要約品質、保護単位、compact 後のコンテキスト構築に改善が必要。
## 前提(完了済み)
以下は完了済み。git 履歴参照。
- **usage-history** — session-store に `UsageRecord` を積む基盤(`101679d usageデータの永続化実装`
- **token-counter** — Usage 履歴ベースのトークン会計。
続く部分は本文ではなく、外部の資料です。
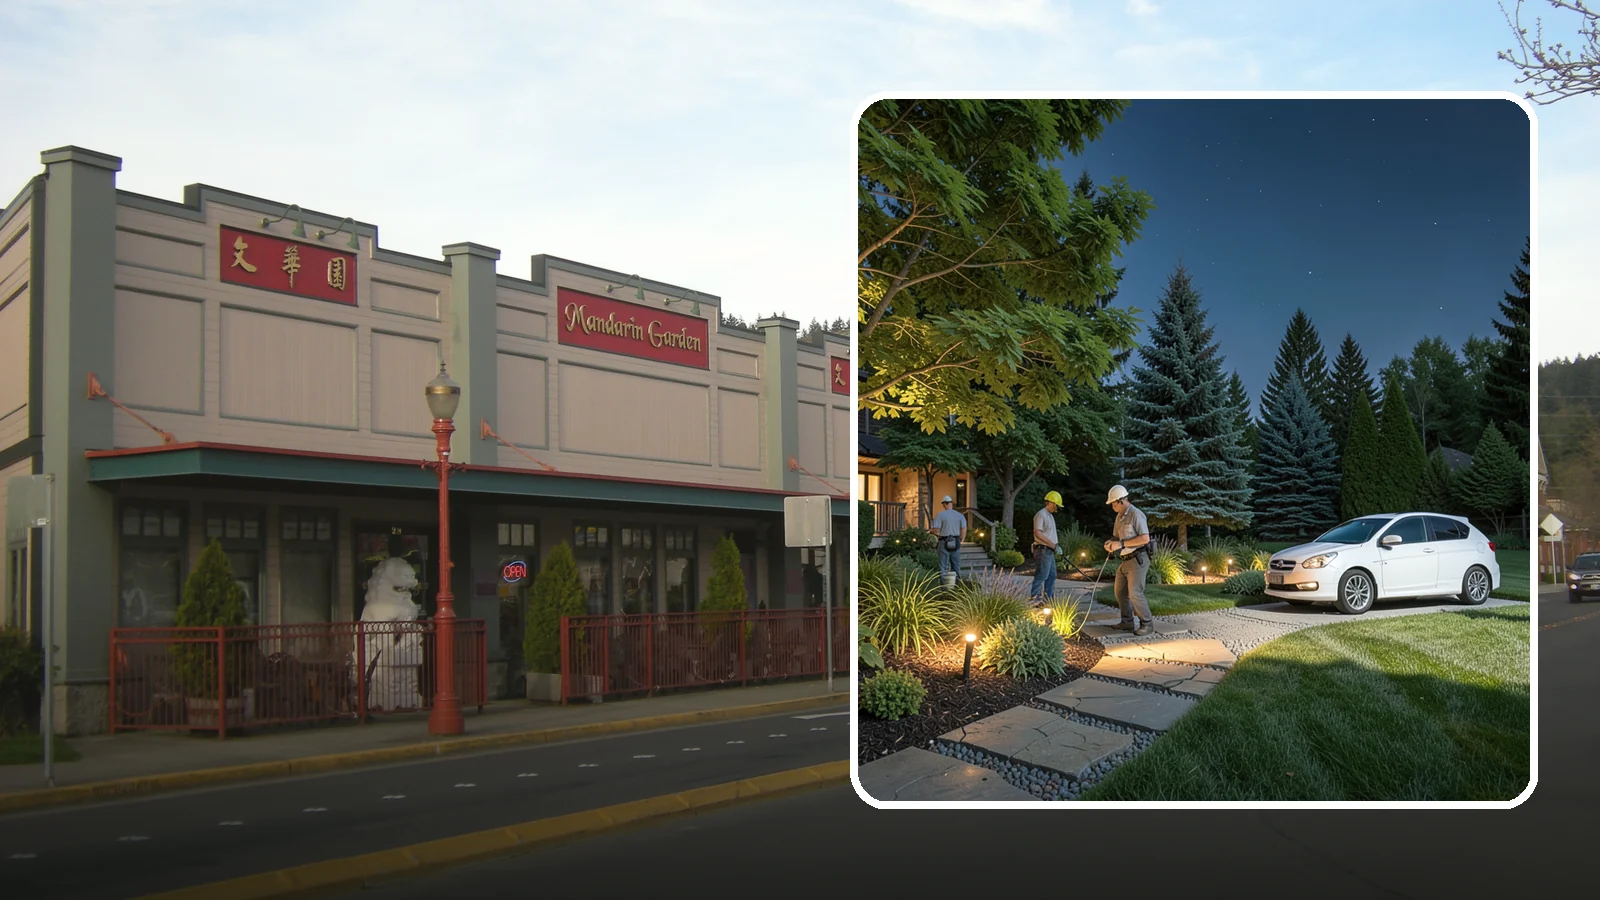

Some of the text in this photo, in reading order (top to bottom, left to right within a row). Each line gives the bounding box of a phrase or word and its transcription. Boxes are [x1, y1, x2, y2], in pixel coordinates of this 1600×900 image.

[230, 235, 347, 291] 文華園
[564, 302, 701, 352] Mandarin Garden
[835, 363, 846, 386] 文
[503, 565, 526, 577] OPEN
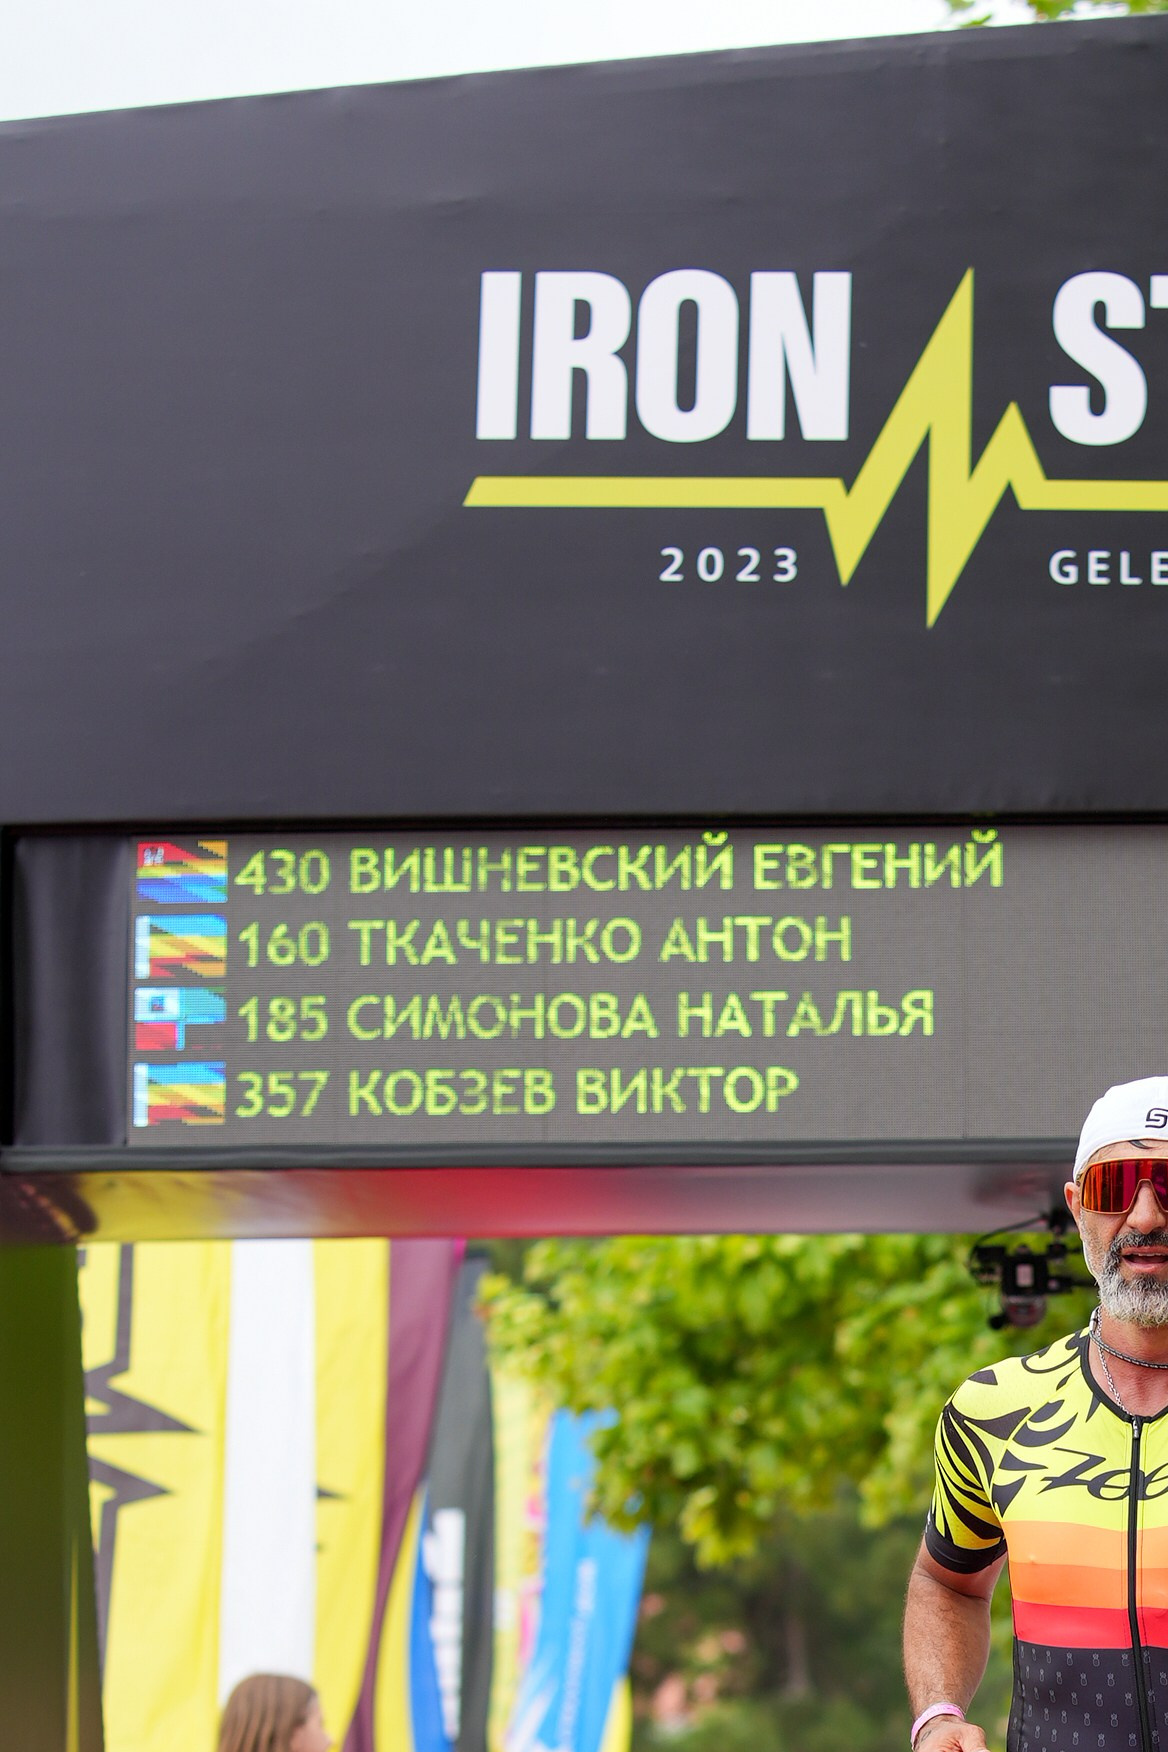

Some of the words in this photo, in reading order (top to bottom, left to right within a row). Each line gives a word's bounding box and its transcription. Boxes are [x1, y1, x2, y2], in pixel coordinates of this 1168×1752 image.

[476, 269, 852, 443] IRON
[658, 546, 798, 583] 2023
[235, 848, 332, 895] 430
[349, 830, 734, 893] ВИШНЕВСКИЙ
[752, 829, 1004, 890] ЕВГЕНИЙ
[237, 921, 330, 967] 160
[347, 916, 642, 966] ТКАЧЕНКО
[659, 915, 853, 963] АНТОН
[237, 994, 329, 1042] 185
[346, 991, 659, 1042] СИМОНОВА
[676, 988, 936, 1037] НАТАЛЬЯ
[235, 1070, 329, 1117] 357
[348, 1067, 557, 1116] КОБЗЕВ
[575, 1065, 800, 1115] ВИКТОР
`Pod::total_tokens()` / `Pod::split_for_retained(n)` として公開済み(`a89c448 token-counter実装`
- **tracker**`tools::Tracker``recent_files(n)` 実装済み(`6f2362e ToolsのTracker実装`
---
## 要件
### R1: 一貫した振る舞い
- システムプロンプトは不変
- compact 前後でユーザーが違和感を覚えない
- 「何を知っていて何を忘れたか」が自然であること
### R2: 直近の記憶の確実性
- 直近 N トークン分の会話をそのまま保持Prune 済み = summary only の状態で計測)
- **トークン数ベース** で保護量を決める(ターン単位ではない)
- 自走エージェントは1ターン内で多数のリクエストを回す
- ターン単位だと保護量がターン長に依存してしまう
### R3: Auto-Read + リファレンス
- compact 後の最初のターンで、タスク遂行に必要なファイルが既に読まれている
- 2段階: **Read**(全文/範囲をコンテキストに注入)と **Reference**(「読んだことがある」とだけ伝える)
- compact worker が「続行に必要なファイル」を判断して指定する
### R4: マルチタスク対応
- セッション中に一貫した課題に取り組んでいないものとする
- **完了タスク**: 簡潔に。注意点・発覚した事実だけ
- **進行中タスク**: サマリ + 現状 + 次のステップを十分に
---
## 用語の定義(重要 — 混乱防止のため明記)
- **run = turn**: 同じ概念を指す。1 ユーザープロンプト → 完了までの単位
- **リクエスト**: 1 run/turn 内で投げる個別の LLM 呼び出し。ツール使用で 1 turn に複数リクエストが発生する
- **リクエストの合間** (between requests): 1 turn 内、次の LLM リクエストを投げる前の地点。`CompactInterceptor::pre_llm_request` で観測される
- **ターンの合間** (between turns): turn が完了して次の turn を待つ状態。`Controller::try_post_run_compact` で観測される
この 2 つを区別することに意味がある:
- **ターンの合間**は自然なタスクの区切り。次の turn に入る前に **先を見越して早めに** compact すべき
- **リクエストの合間**は turn 内部の中継点。通常は proactive な必要はなく、暴走的な膨張を拾う **safety net** として **遅めに** 発動すれば十分
---
## 閾値の修正(重要)
現状の実装は:
1. 閾値の大小関係が意図と逆
2. `turn_threshold` が pre_llm_request 側で使われていて命名がミスリード
3. もう片方を `turn_threshold * 9 / 8` で導出しているが、9/8 に根拠がない
これらをまとめて修正する。値入れ替え + リネーム + マニフェストで両閾値を個別指定。
### 正しい方針
| チェックポイント | 変数名 (コード) | マニフェスト | 役割 |
|----------------|---------------|------------|------|
| `Controller::try_post_run_compact` (ターンの合間) | `post_run_threshold` | `compact_threshold` | proactive (小) |
| `CompactInterceptor::pre_llm_request` (リクエストの合間) | `request_threshold` | `compact_request_threshold` | safety net (大) |
両方とも manifest で個別指定する。導出はしない。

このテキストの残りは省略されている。